In 2012 werd Hubble’s eXtreme Deep Field-afbeelding vrijgegeven. In de loop van tien jaar had de telescoop gedurende in totaal 50 dagen beelden gemaakt van een klein stukje hemel. Het onthulde een stuk hemel – ongeveer een tweeëndertig miljoenste van de hemel, om precies te zijn – bezaaid met twinkelende sterrenstelsels in alle soorten en maten. Aan de hand van dit nieuwe beeld hebben astronomen geschat dat er zich 100 tot 200 miljard sterrenstelsels in het waarneembare heelal bevinden.
Maar slechts vier jaar later heeft een team van onderzoekers van de Universiteit van Nottingham de Hubble-beelden opnieuw geanalyseerd en de gegevens van andere observatoria geëvalueerd, waardoor het aantal sterrenstelsels in het heelal met een factor 10 tot 2 biljoen is toegenomen. De astronomen publiceerden hun nieuwe getallen in het Astrophysical Journal.
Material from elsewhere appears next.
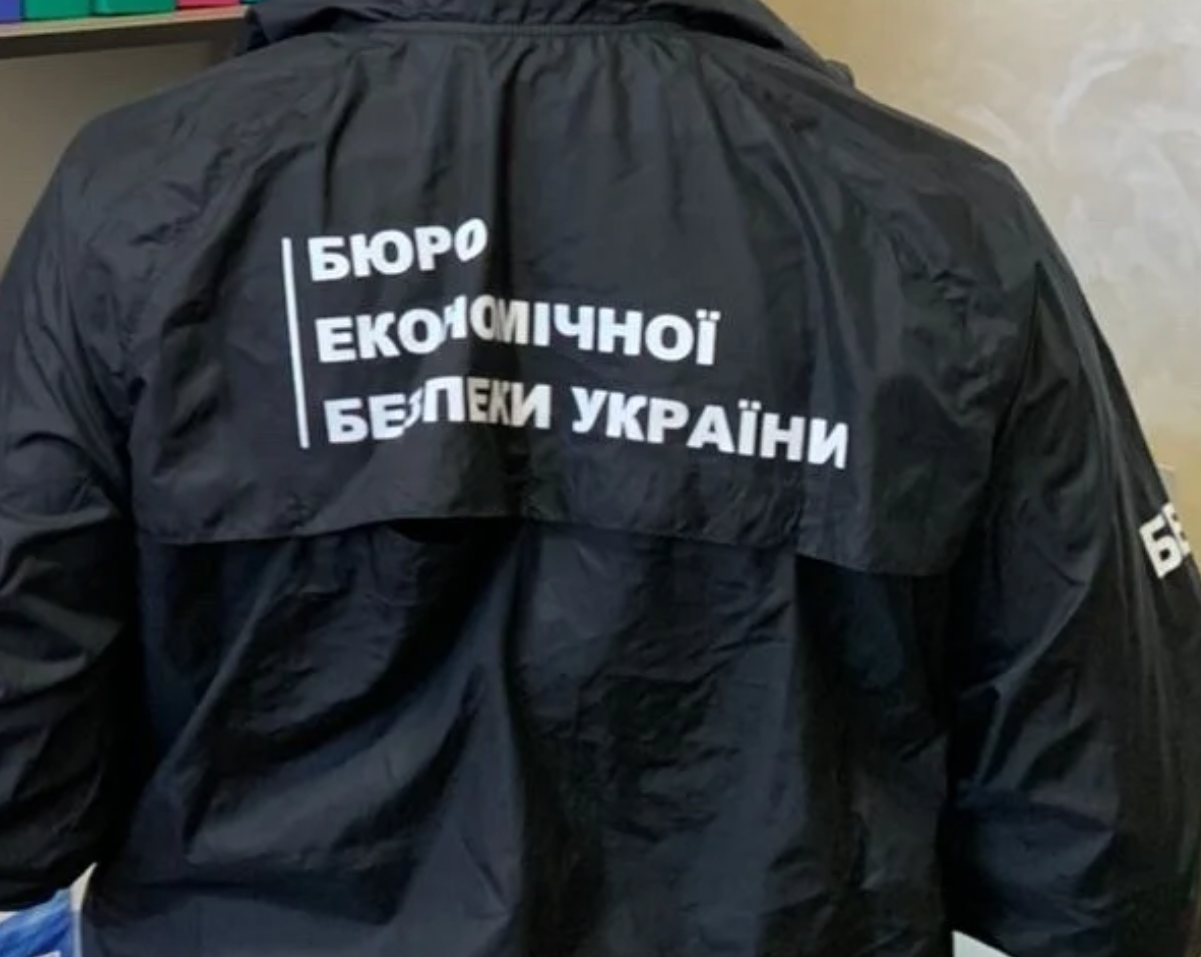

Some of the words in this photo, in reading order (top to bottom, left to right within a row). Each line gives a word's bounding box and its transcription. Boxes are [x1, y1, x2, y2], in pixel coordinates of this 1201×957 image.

[307, 217, 489, 282] БЮРО
[315, 294, 722, 366] ЕКОНОМІЧНОЇ
[571, 386, 850, 470] УКРАЇНИ
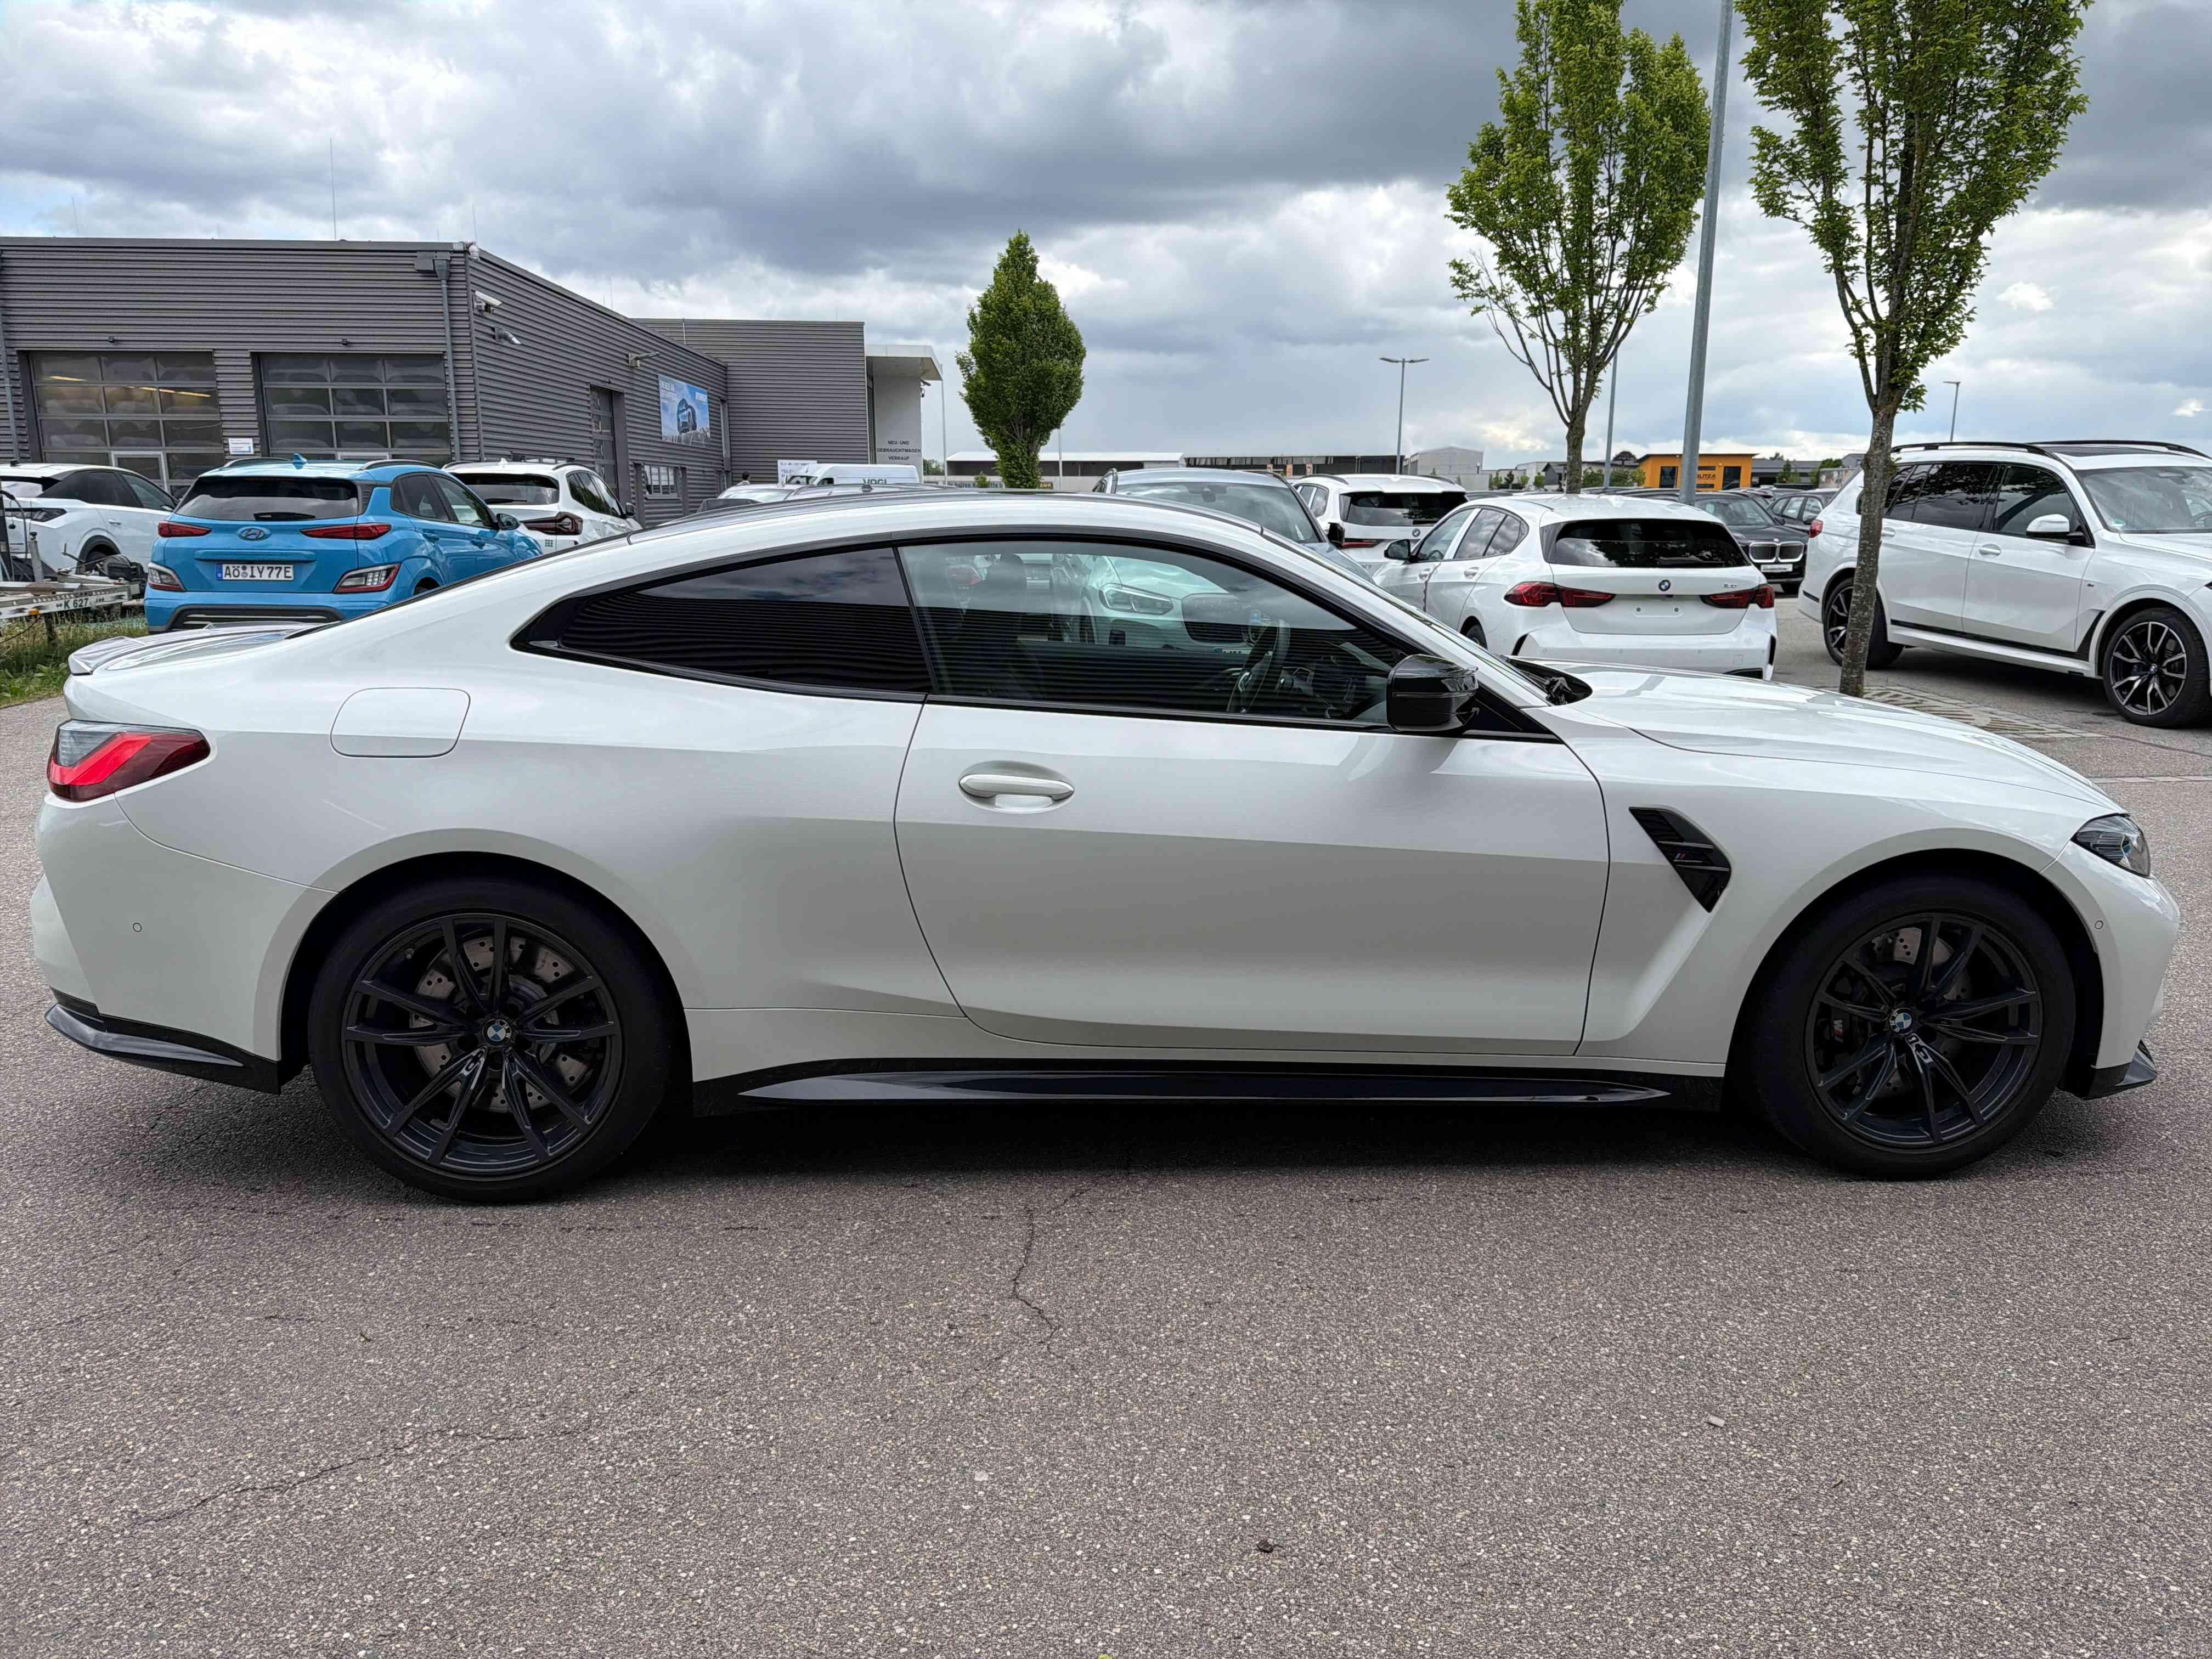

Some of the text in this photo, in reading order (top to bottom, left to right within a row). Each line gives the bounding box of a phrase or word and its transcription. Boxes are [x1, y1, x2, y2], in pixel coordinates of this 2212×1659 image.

“Het is verbijsterend dat meer dan 90 procent van de melkwegstelsels in het heelal nog moet worden bestudeerd,” vertelde astrofysicus Christopher Conselice van de Universiteit van Nottingham in het Verenigd Koninkrijk destijds aan The Atlantic. “Wie weet welke interessante eigenschappen we zullen vinden wanneer we deze sterrenstelsels ontdekken met toekomstige generaties telescopen?”
Next Generation Estimates
In zekere zin spelen we een kat-en-muisspel met het heelal. We proberen instrumenten te ontwikkelen die krachtig genoeg zijn om sterrenstelsels te zien die razendsnel van ons wegvliegen. De komende James Webb-ruimtetelescoop zal de teugels van de Hubble overnemen als de ruimtetelescoop bij uitstek om sterrenstelsels te spotten.
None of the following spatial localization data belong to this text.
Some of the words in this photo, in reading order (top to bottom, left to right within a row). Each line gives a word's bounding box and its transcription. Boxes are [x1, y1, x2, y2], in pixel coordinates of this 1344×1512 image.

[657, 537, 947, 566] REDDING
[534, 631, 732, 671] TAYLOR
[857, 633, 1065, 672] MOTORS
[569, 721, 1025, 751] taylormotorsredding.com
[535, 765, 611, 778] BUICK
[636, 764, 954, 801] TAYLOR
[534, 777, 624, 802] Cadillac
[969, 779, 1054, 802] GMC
Het infrarood observatorium is 100 keer krachtiger dan de Hubble en zal de kosmos gedetailleerder dan ooit tevoren kunnen onderzoeken, door verre sterrenstelsels te spotten die voor elke vorige generatie telescopen te zwak waren om te zien. Astronomen hopen sterrenstelsels te kunnen zien die vlak na de oerknal zijn ontstaan, ruwweg 13,5 miljard jaar geleden. Het zal ons de meest nabije blik tot nu toe geven op het begin van alles.